Света собиралась было возразить, мол, в настоящей тюремной камере наверняка условия не лучше, а если кто и сошел с ума, так это Ирина, считающая, что может выбирать место заключения, но тут…
— Погодите! — Света еще раз перерыла весь ящик стола. — Ключа нет! Ключа нет, понимаете? Это значит, что Коля взял его. Я вам просто не успела сказать, что Коля еще вечером все знал про арест Морского, а утром отбыл хлопотать. И Коля, кстати, намекал мне о книгах… Он тоже догадался о вашей причастности. У нас с ним вечно сходятся мысли. Вполне возможно, что он тоже решил воспользоваться клеткой на Бурсацком. Вполне возможно, что он отвел туда Морского…
— Что же мы медлим! — тут же подскочила Ирина. — Морской оговорит себя, чтобы спасти меня, а Коля будет горячиться… Их нужно разнимать! Вперед! Ближайшим же трамваем я еду под арест!
— Пыль на книгах? Меня выдала пыль на книгах? Вы не шутите? — причитал Морской, раскачивая лодку в такт собственным смешкам.
Николай решил выложить все свои подозрения напрямик, и первое же вызвало у собеседника нездоровый приступ хохота.
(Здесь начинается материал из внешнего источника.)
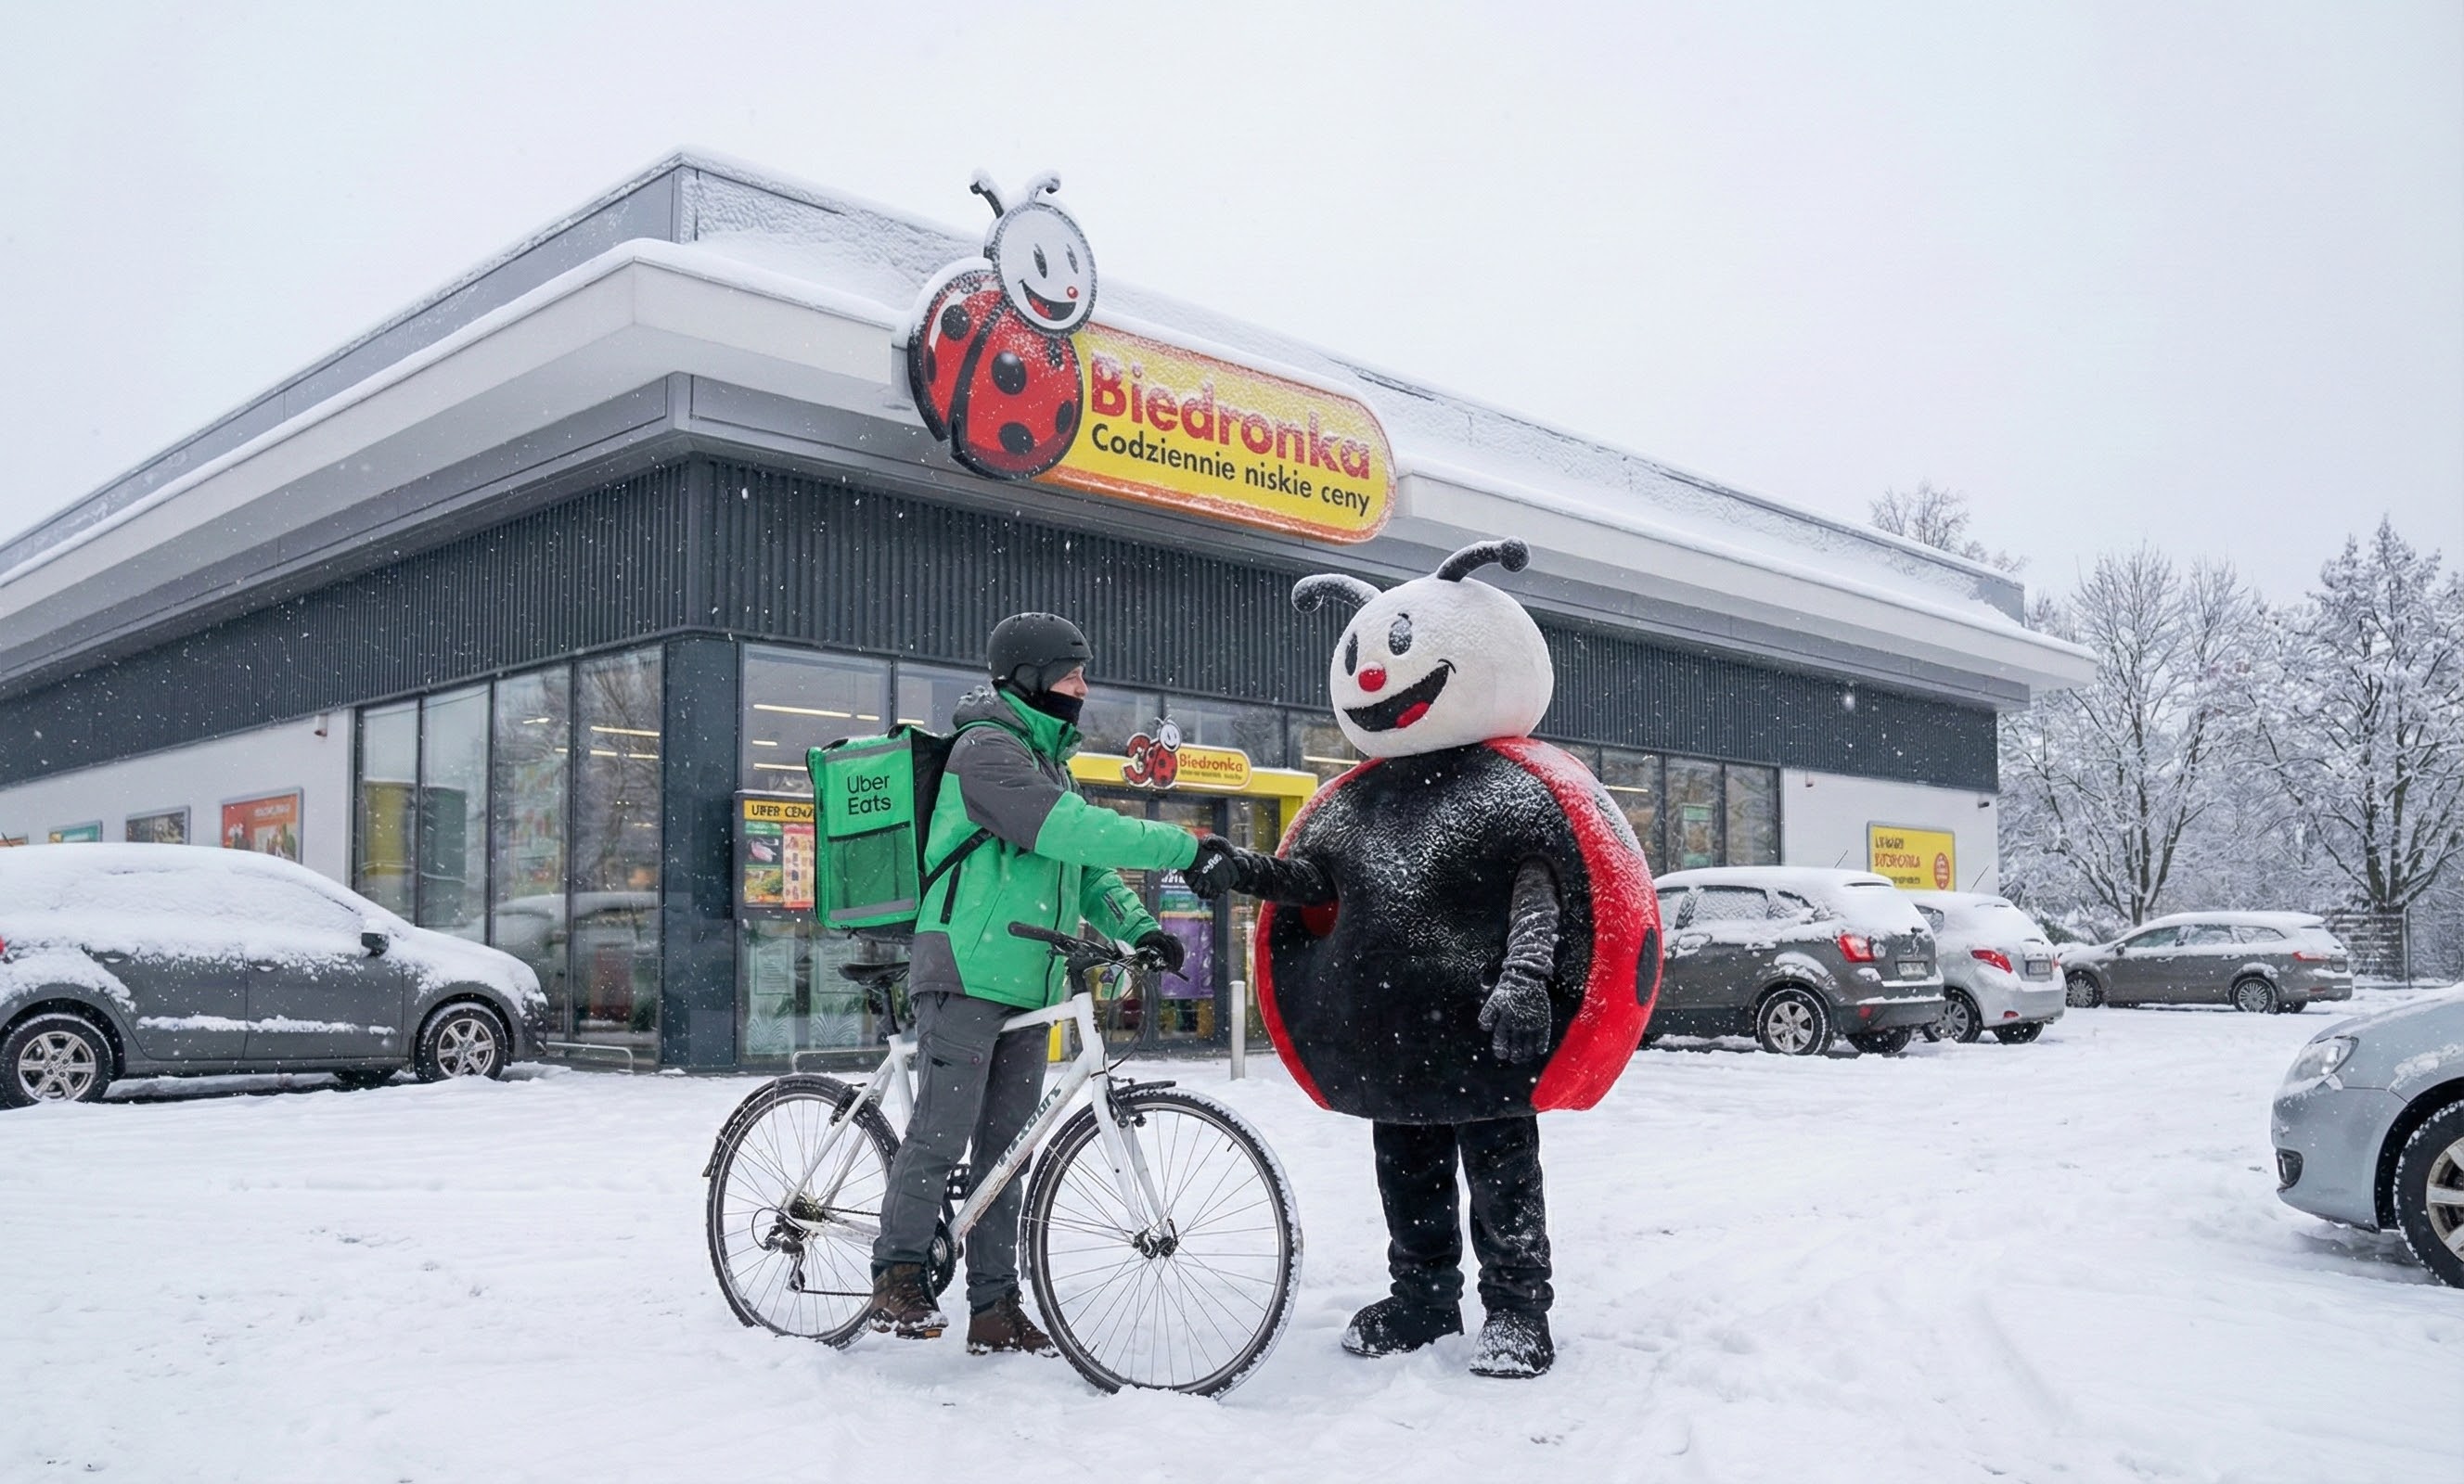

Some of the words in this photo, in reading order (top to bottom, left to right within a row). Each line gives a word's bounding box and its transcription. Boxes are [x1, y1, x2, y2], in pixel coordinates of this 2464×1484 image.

[1091, 351, 1370, 480] Biedronka
[1091, 422, 1236, 480] Codziennie
[1245, 461, 1312, 499] niskie
[1321, 485, 1370, 518] ceny
[847, 774, 891, 794] Uber
[848, 795, 892, 815] Eats
Такой, что граждане, прогуливающиеся по набережной или катающиеся неподалеку на точно таких же лодках, все разом обернулись. Горленко столь пристальное внимание было совершенно ни к чему, и он усердно заработал веслами, «уходя» подальше от людей.
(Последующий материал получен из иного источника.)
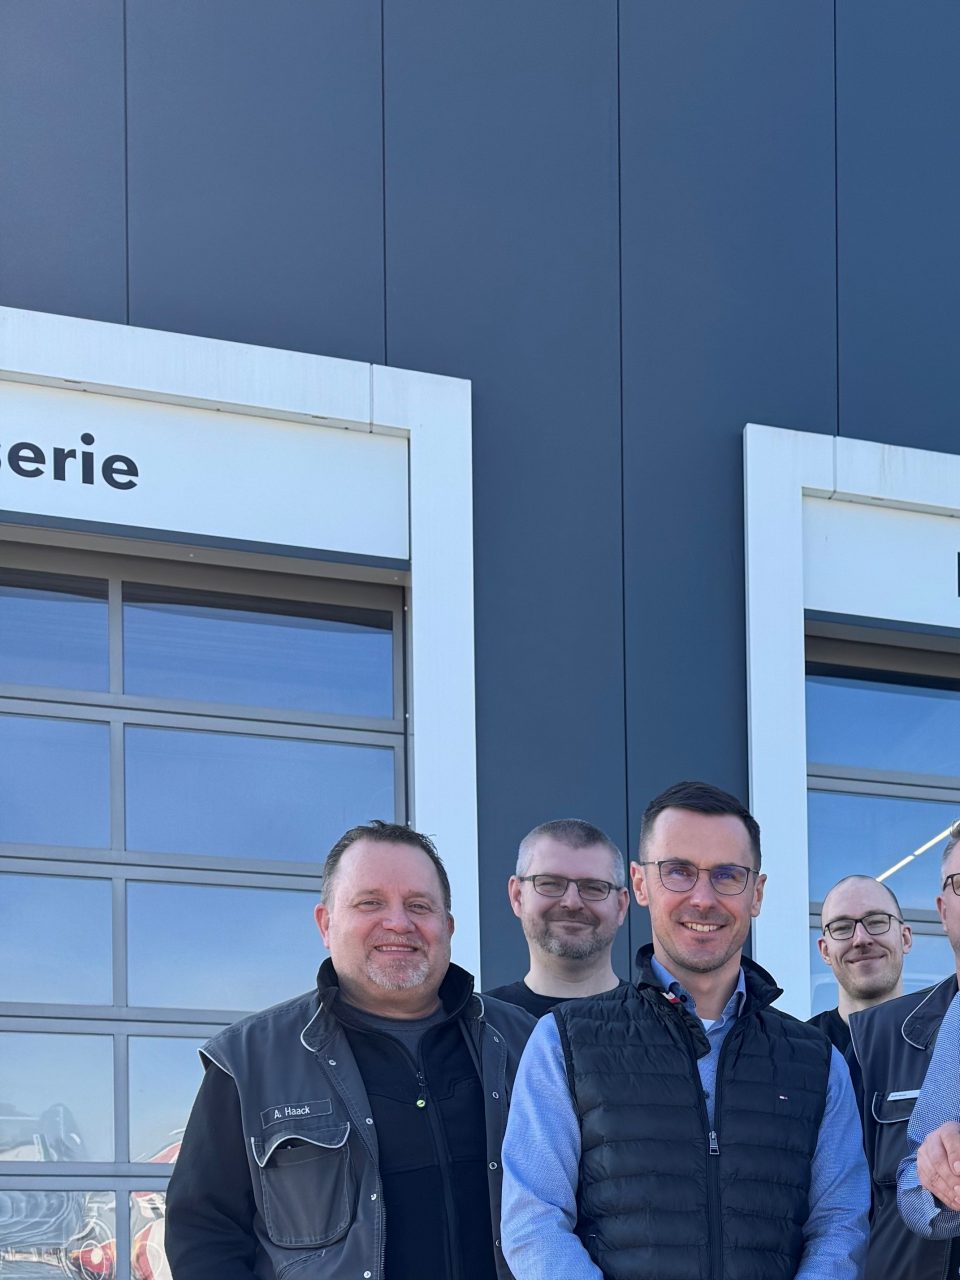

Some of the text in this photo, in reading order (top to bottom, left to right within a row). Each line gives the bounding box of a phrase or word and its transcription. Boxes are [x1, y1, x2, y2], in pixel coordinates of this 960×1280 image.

[0, 432, 139, 491] erie
[274, 1105, 311, 1119] A. Haack
— Вы, пожалуйста, Ирине про это расскажите, — не унимался Морской. — Пусть знает, что ее бесхозяйственность нас скомпрометировала. Я говорил, что после смерти Ма нам нужно или приглашать домработницу, или наладить регулярность уборки самим. Ирина все отмахивалась… Ее упрямство вечно нам приносит неудачи…
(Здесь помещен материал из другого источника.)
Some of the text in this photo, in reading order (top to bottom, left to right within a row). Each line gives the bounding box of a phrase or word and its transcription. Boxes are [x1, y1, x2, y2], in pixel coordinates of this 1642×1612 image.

— Вы зря смеетесь, — Николаю, похоже, тоже хотелось бы свести этот трудный разговор к шуткам, но выхода у него не было. — Положение у вас катастрофическое. Еще раз вас прошу: расскажите все сами. Не вынуждайте меня переходить к крайним мерам.
— Я не могу, — Морской послушно стал серьезным. — Поставьте себя на мое место. Вы тоже ничего бы не сказали. Вы, вероятно, по другим причинам, а я — от трусости. Я очень, прямо-таки сказочно боязлив. И больше всего страшусь угрызений собственной совести. Скажи я вам сейчас хоть что-то по существу, никогда себя не прощу… Сожру живьем. Сгорю от стыда в буквальном смысле. Это больно, я пробовал…
— Вы покрываете Ирину, — догадался Николай. — А зря. Я ведь и так уже практически все знаю… Ладно, давайте так. Я выложу все то, что мне известно. А вы, заметив, что юлить уже нет смысла, смиритесь с поражением и начнете говорить, — и Коля, почему-то нараспев, будто старинную легенду, принялся описывать свои догадки и мучения: — Книги, странные переодевания мадам Бувье и Милены, таинственное исчезновение и появление Ирины… Все это крутилось у меня в голове, но я до последнего не хотел верить в ваше предательство и в вашу вину… Понять, что человек, которого ты считал другом, все время обманывает тебя, — не слишком-то приятная догадка.